I think this is a tricky place to put this - it doesn't really know what the retry semantics are (that we always retry a full batch). This is why we had the BatchOperationException. If we want to remove it from the "official exception list" (+1 on that), we can still make BatchOperationException dedicated non ElasticsearchException by always rethrowing it's cause.

can we also have mapping updates for deletes? I wonder if that is the case now that we allow type introduction for deletes too?!

I think the mapping is tricky too, I am not sure if we can hit it because of a broken mapping or anything in which case we should fail the recovery? Maybe we can use DelayRecoveryException for this purpose instead? it's really nothing else but a delay?

I've changed the flow of this method to first do the conversion for all the operations in the batch and then only proceed with the actual indexing once we've confirmed that there were no mapping updates. This makes the BatchOperationException obsolete.

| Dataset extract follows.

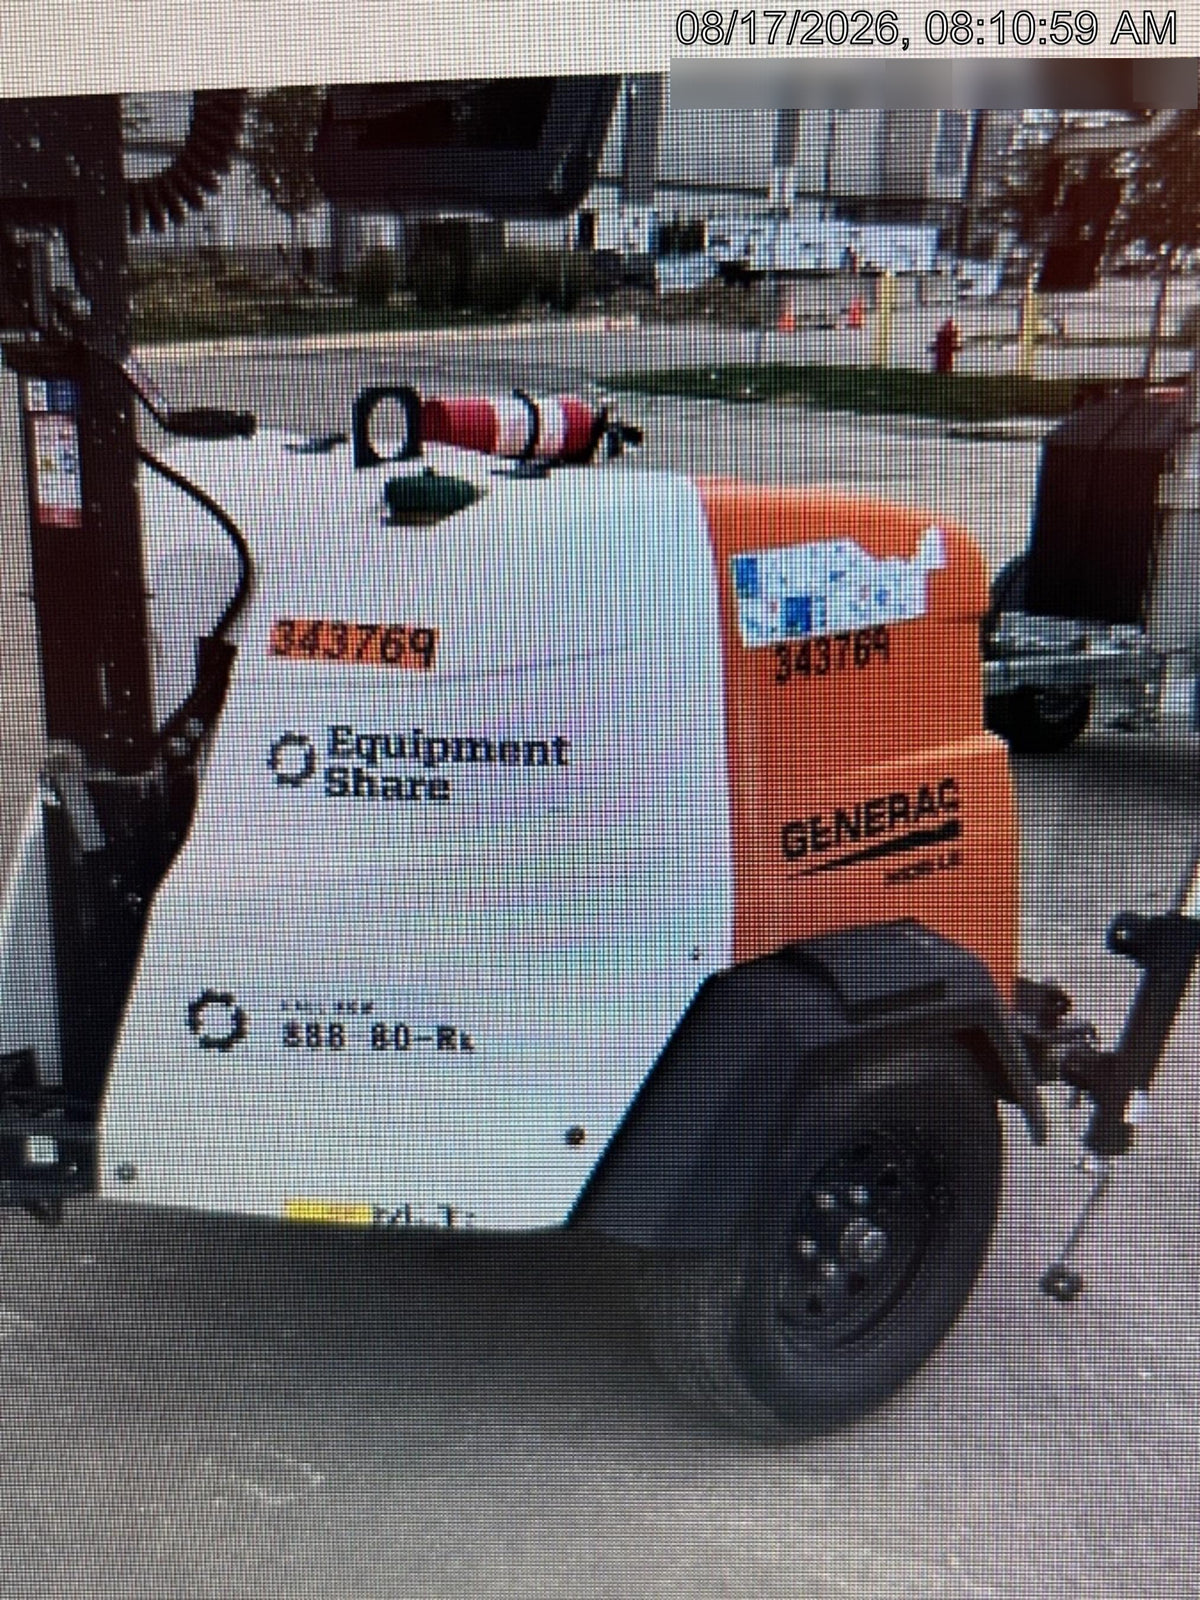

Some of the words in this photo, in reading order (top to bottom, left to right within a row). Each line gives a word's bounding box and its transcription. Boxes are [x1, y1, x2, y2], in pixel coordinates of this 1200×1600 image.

[271, 619, 437, 668] 343769
[325, 724, 569, 767] Equipment
[323, 767, 450, 801] Share
[780, 777, 960, 859] GENERAC

@s1monw yes, the method TransportShardBulkAction.executeDeleteRequestOnReplica currently has other mapping conditions than our recovery code here. The main motivation for this PR was to change some of the internal APIs to address the divergence between recovery and replication code. We can fix the actual divergences in a follow-up.

…he recovery logic from a snapshot

bleskes · 2017-05-26T14:01:22Z

the latest commit pushed me over to +1...

s1monw

first I got exited, I thought @ywelsch found a way to encapsulate the translog recovery entirely inside the engine... Well I am still excited since it's moving things into the right places IMO. I also like to get rid of another exception. I left some suggestions, thanks @ywelsch for cleaning things up

s1monw · 2017-05-30T08:00:44Z

core/src/main/java/org/elasticsearch/indices/recovery/RecoveryTarget.java

+        for (Translog.Operation op : operations) {
+            Engine.Operation engineOp = indexShard().convertToEngineOp(op, Engine.Operation.Origin.PEER_RECOVERY);
+            if (engineOp instanceof Engine.Index && ((Engine.Index) engineOp).parsedDoc().dynamicMappingsUpdate() != null) {
+                translog.decrementRecoveredOperations(completedOps); // clean-up stats


can we also have mapping updates for deletes? I wonder if that is the case now that we allow type introduction for deletes too?!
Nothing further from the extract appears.